You could argue by digitizing textbooks you reduce their backpack load, but I have not heard of an outbreak of K-12 student back problems.

The portability aspect is another challenge, especially in developing economies. Kids drop and lose things in general. They have not developed their judgment skills to a point where they can be responsible for a notebook. I finally broke down and got my son a mobile phone – he lost it within six months, and if you looked at its shell, it is considerably marred.

I am not entirely against 1:1 computing, and in the subsequent debate we will discuss hybrid models that could work, but when it comes to primary and secondary schools, I do feel strongly that economic realities strongly support shared usage. I try to illustrate this in the chart below:

This is not a hybrid model. This is an evolutionary model. As students’ age/mature/progress, the need for a computer all the time becomes more critical. In addition, everyone has different needs, abilities, talents and skills. Some will gravitate towards the computer as if it is an extension of their body. Others will find it mildly useful but will prefer paper, pencil, books, etc.

This is where “try” vs. “buy” comes in. I would argue that 99% of people in the developed and developing world over the last 30ish years since the PC was introduced “try” before they “buy.” Whether it is a parents PC, a school lab, a cyber café, telecentre, or work place, they will be exposed first then build the interest and knowledge.

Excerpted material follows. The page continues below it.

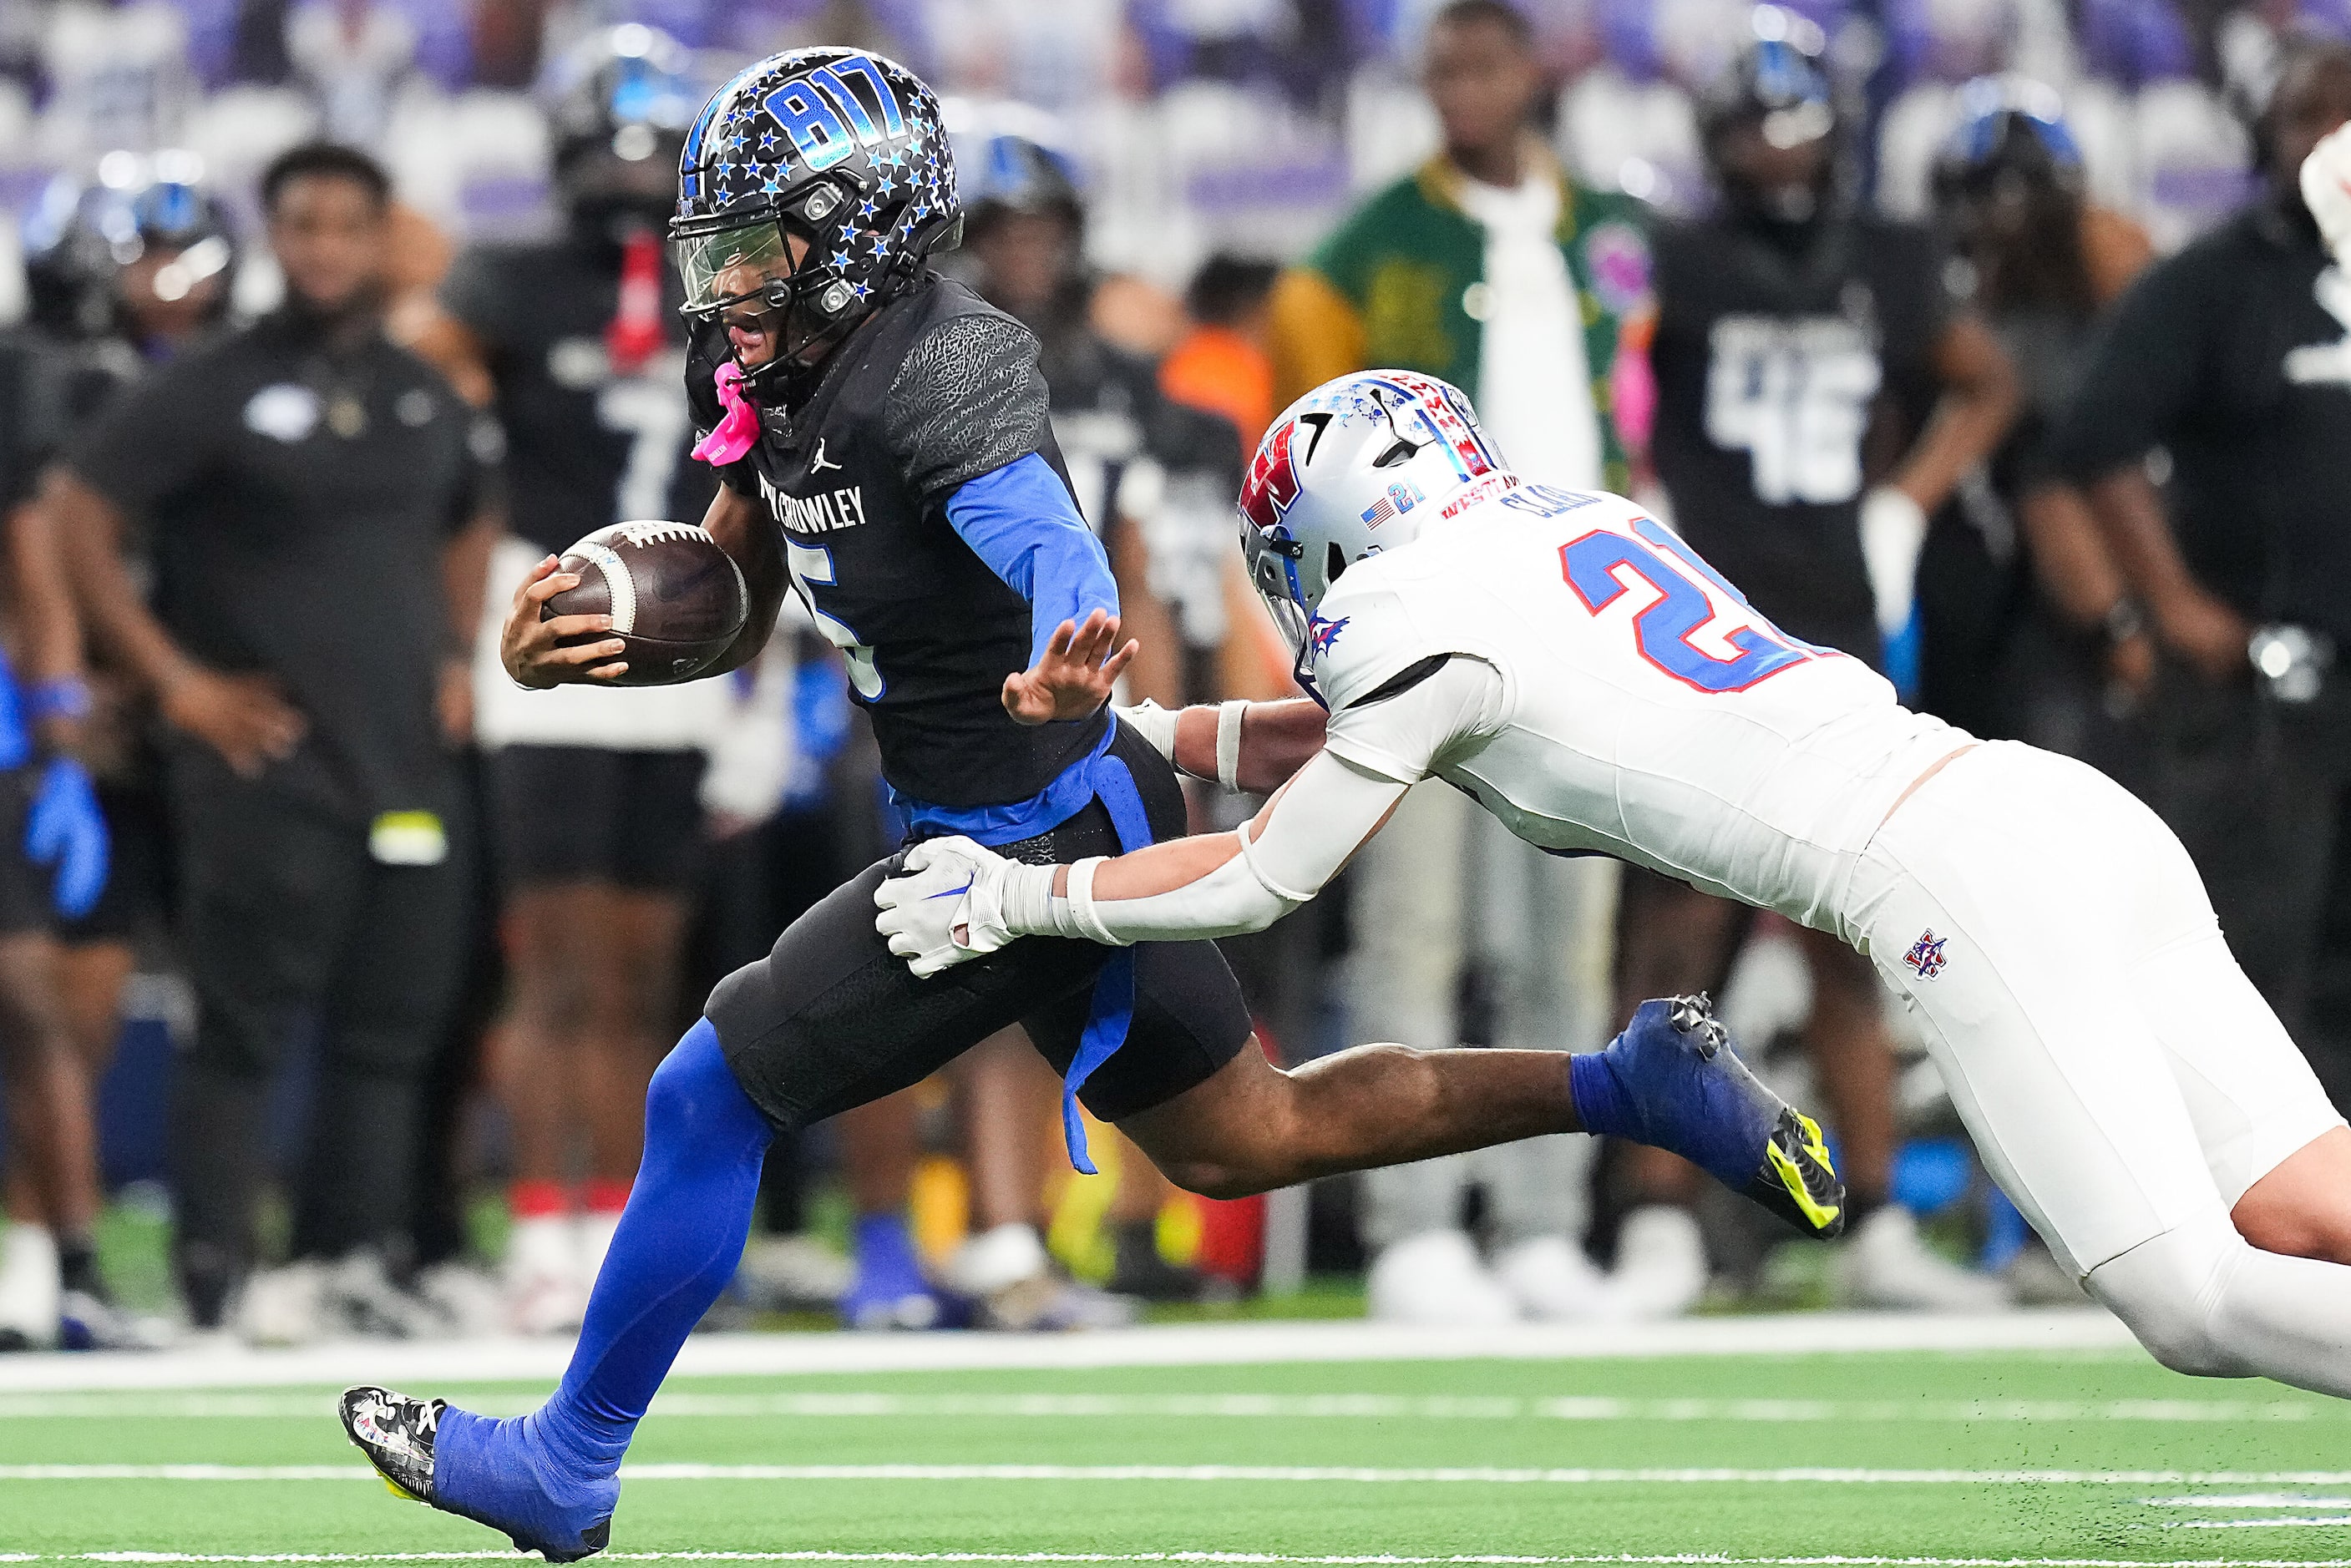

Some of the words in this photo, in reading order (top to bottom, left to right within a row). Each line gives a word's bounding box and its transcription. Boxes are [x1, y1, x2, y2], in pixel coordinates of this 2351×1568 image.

This is why, at Intel, before the Classmate PC “creosote bush” squashed all other projects (Rural Community PC, Amazon Kindle… yes, we were partnering with Amazon and e-Ink on a text book replacement product, and more), we had a significant push towards “shared access.”

In conclusion, I laud the efforts of Intel and OLPC who have significantly increased awareness of the importance of computing in education. The question and debate remains, though, as to how computing is deployed. The most economical and scalable solution is shared access computing.